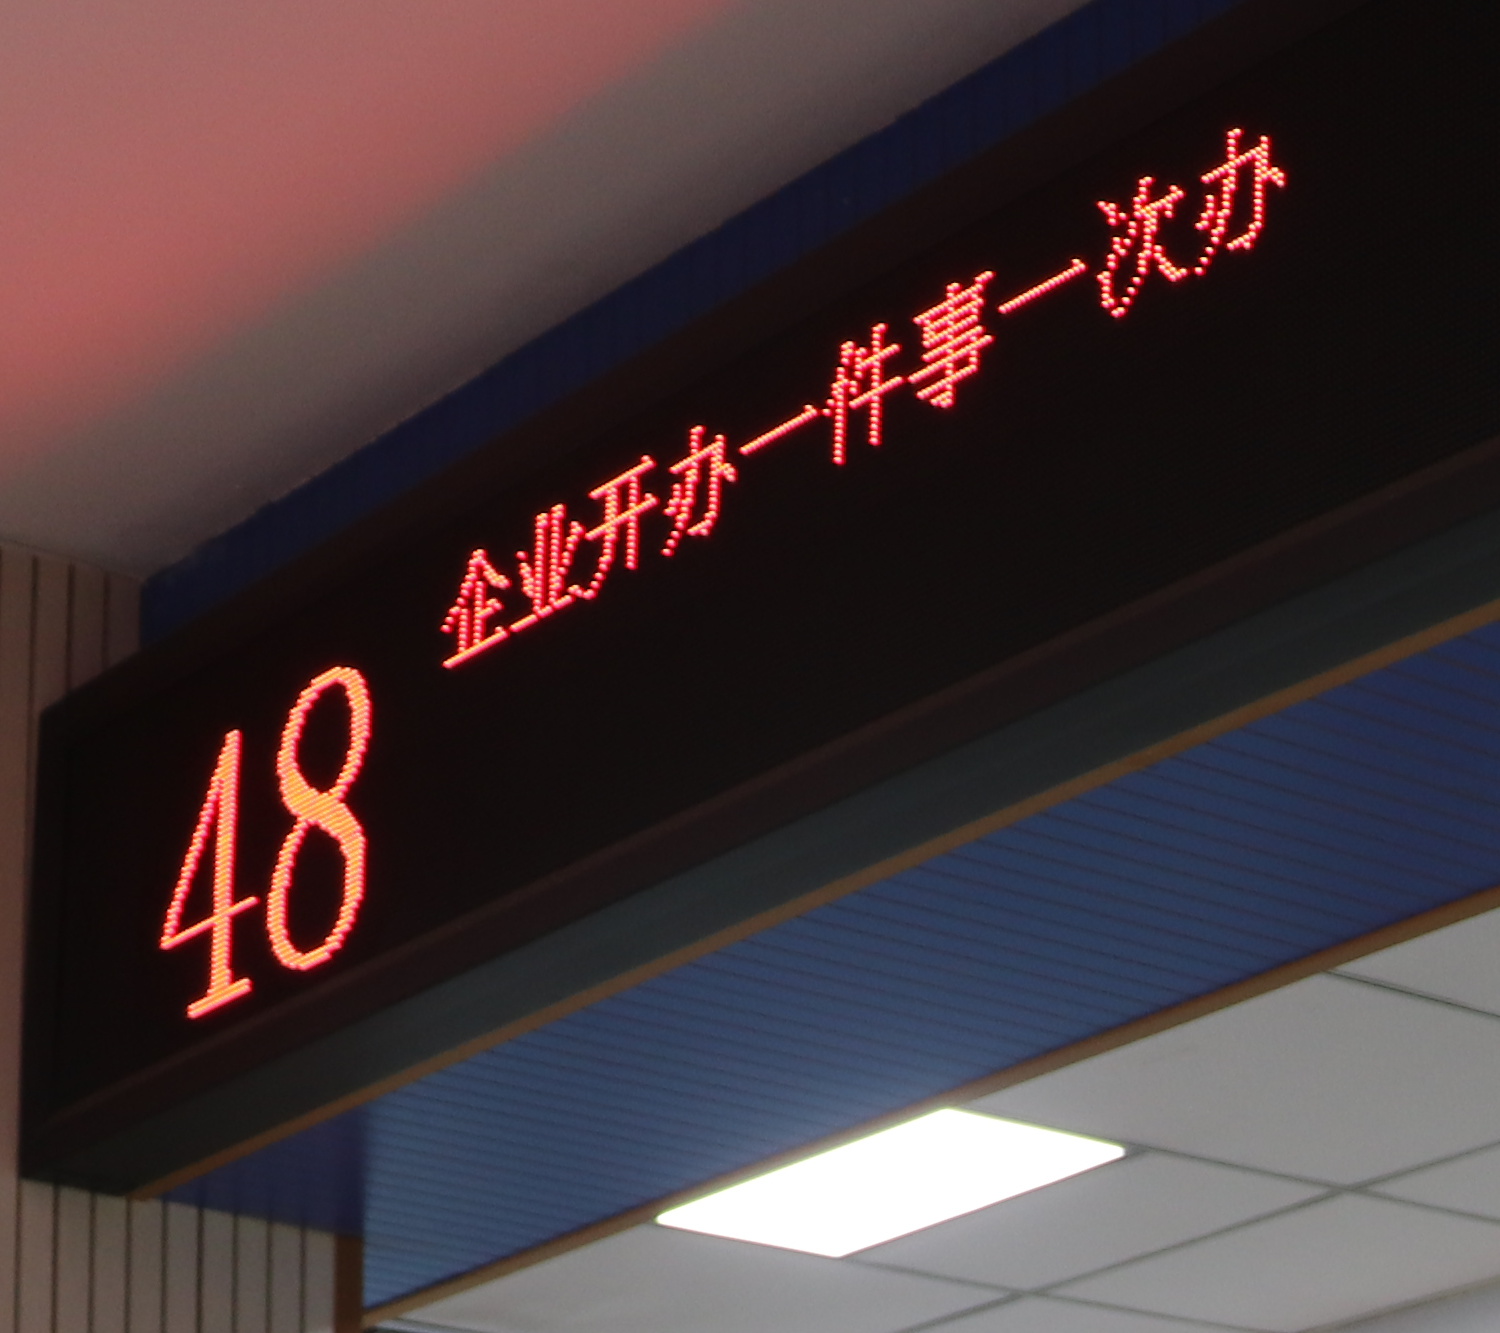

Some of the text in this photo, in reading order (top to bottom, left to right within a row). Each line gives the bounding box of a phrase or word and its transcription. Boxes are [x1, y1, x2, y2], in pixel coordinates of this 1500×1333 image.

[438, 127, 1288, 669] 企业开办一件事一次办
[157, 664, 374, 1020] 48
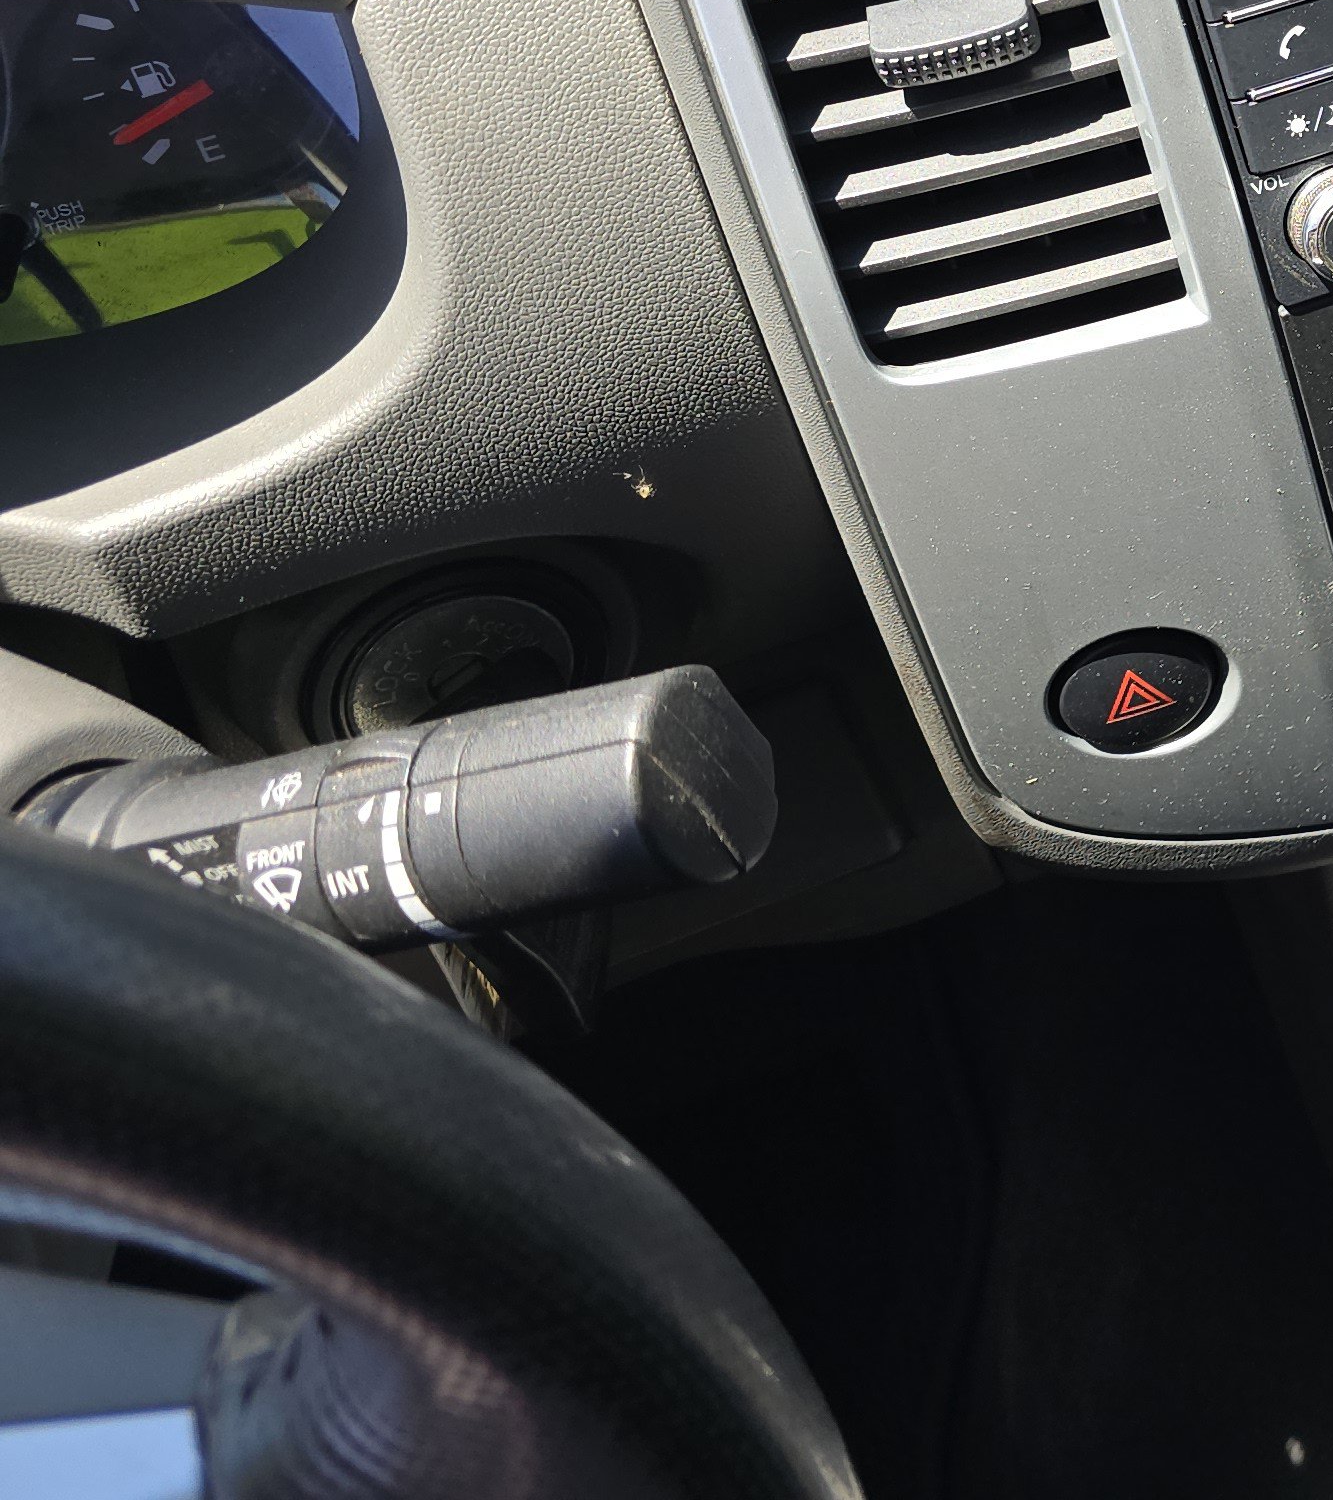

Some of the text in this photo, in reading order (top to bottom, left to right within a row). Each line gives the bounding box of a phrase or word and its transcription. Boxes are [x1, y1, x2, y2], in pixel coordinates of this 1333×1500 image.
--
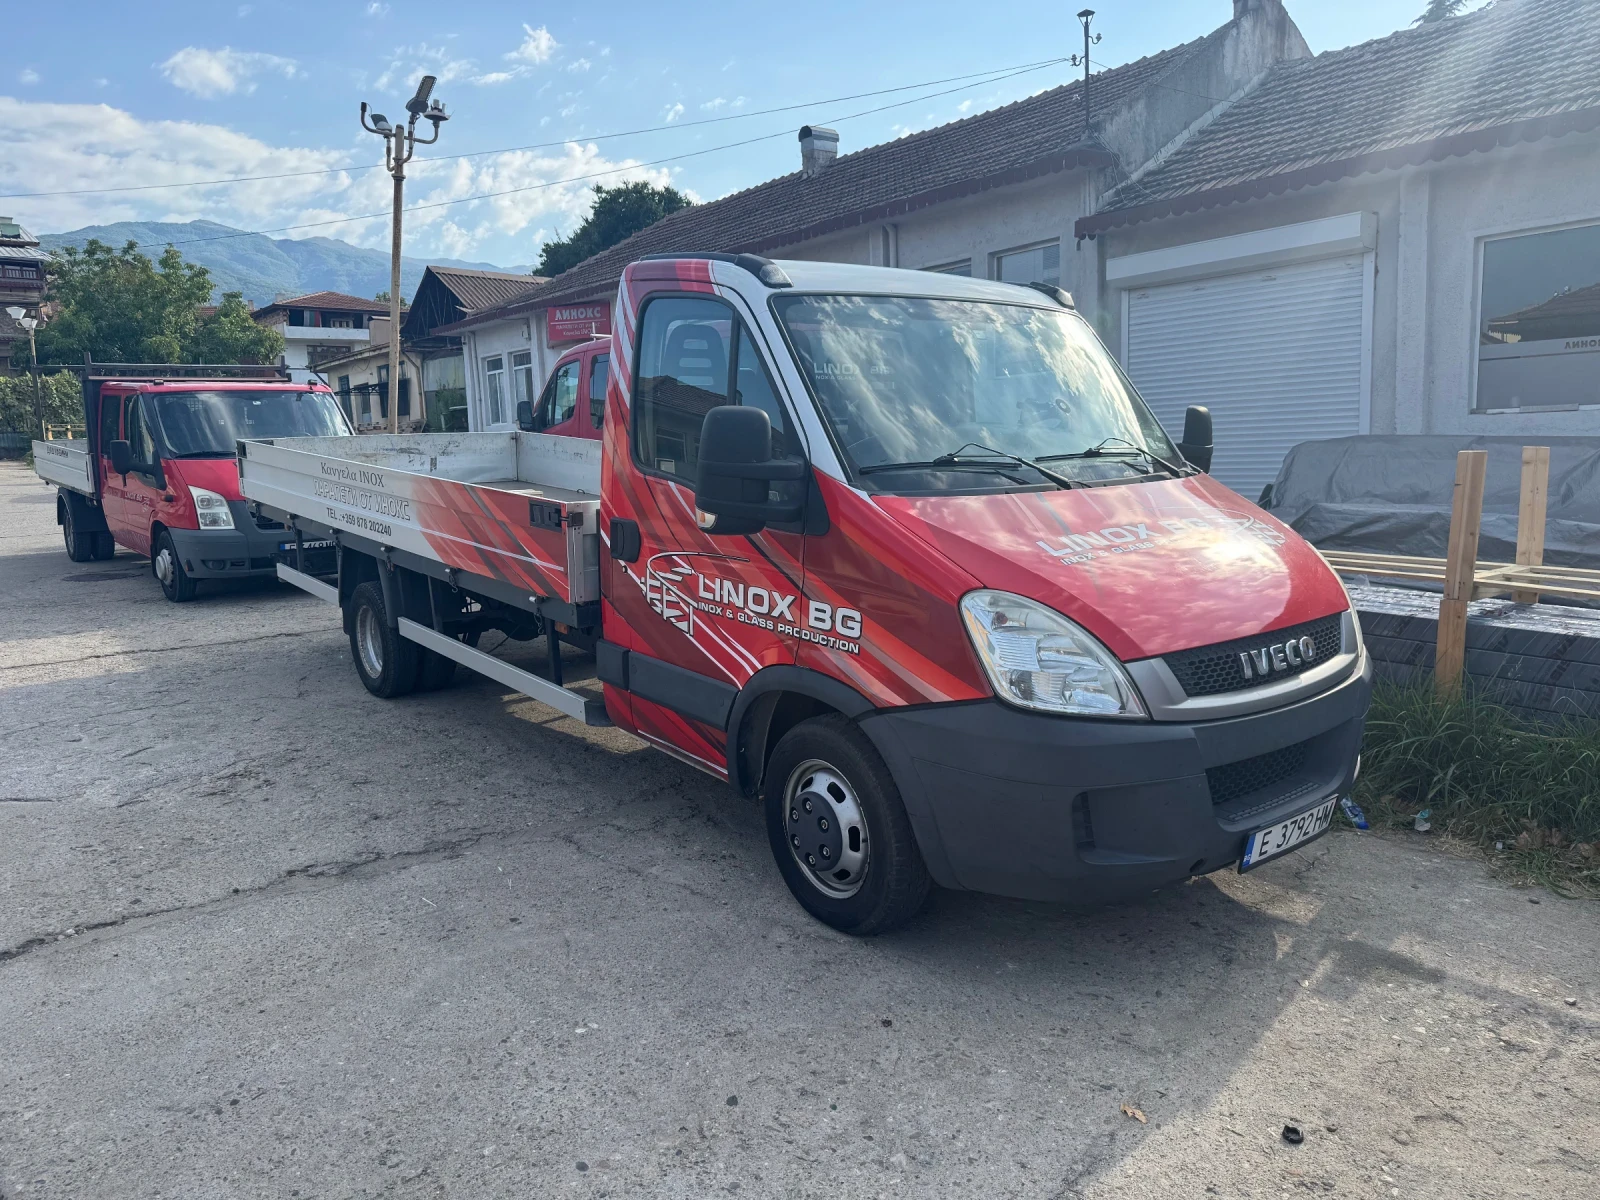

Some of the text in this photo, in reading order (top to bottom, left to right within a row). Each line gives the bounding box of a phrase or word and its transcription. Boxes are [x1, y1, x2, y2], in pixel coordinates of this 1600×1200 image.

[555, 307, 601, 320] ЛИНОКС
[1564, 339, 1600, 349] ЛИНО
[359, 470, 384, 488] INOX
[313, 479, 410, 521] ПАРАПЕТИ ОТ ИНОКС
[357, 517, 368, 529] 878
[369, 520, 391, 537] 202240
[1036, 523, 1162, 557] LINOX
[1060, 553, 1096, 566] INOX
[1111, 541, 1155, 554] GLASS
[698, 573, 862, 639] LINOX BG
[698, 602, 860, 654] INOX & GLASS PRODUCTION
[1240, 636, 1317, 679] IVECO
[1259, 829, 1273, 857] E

What this task involves: Beginning with the line above that contains "this 1500×1333 image." and finishing with the line that contains "this 1333×1500 image.", print those lines exactly and only. Skip all pictures.

Result of the exercise:
Some of the text in this photo, in reading order (top to bottom, left to right within a row). Each line gives the bounding box of a phrase or word and its transcription. Boxes are [x1, y1, x2, y2], in pixel coordinates of this 1500×1333 image.

[438, 127, 1288, 669] 企业开办一件事一次办
[157, 664, 374, 1020] 48

Some of the text in this photo, in reading order (top to bottom, left to right within a row). Each line gives the bounding box of a phrase or word and its transcription. Boxes are [x1, y1, x2, y2], in pixel coordinates of this 1333×1500 image.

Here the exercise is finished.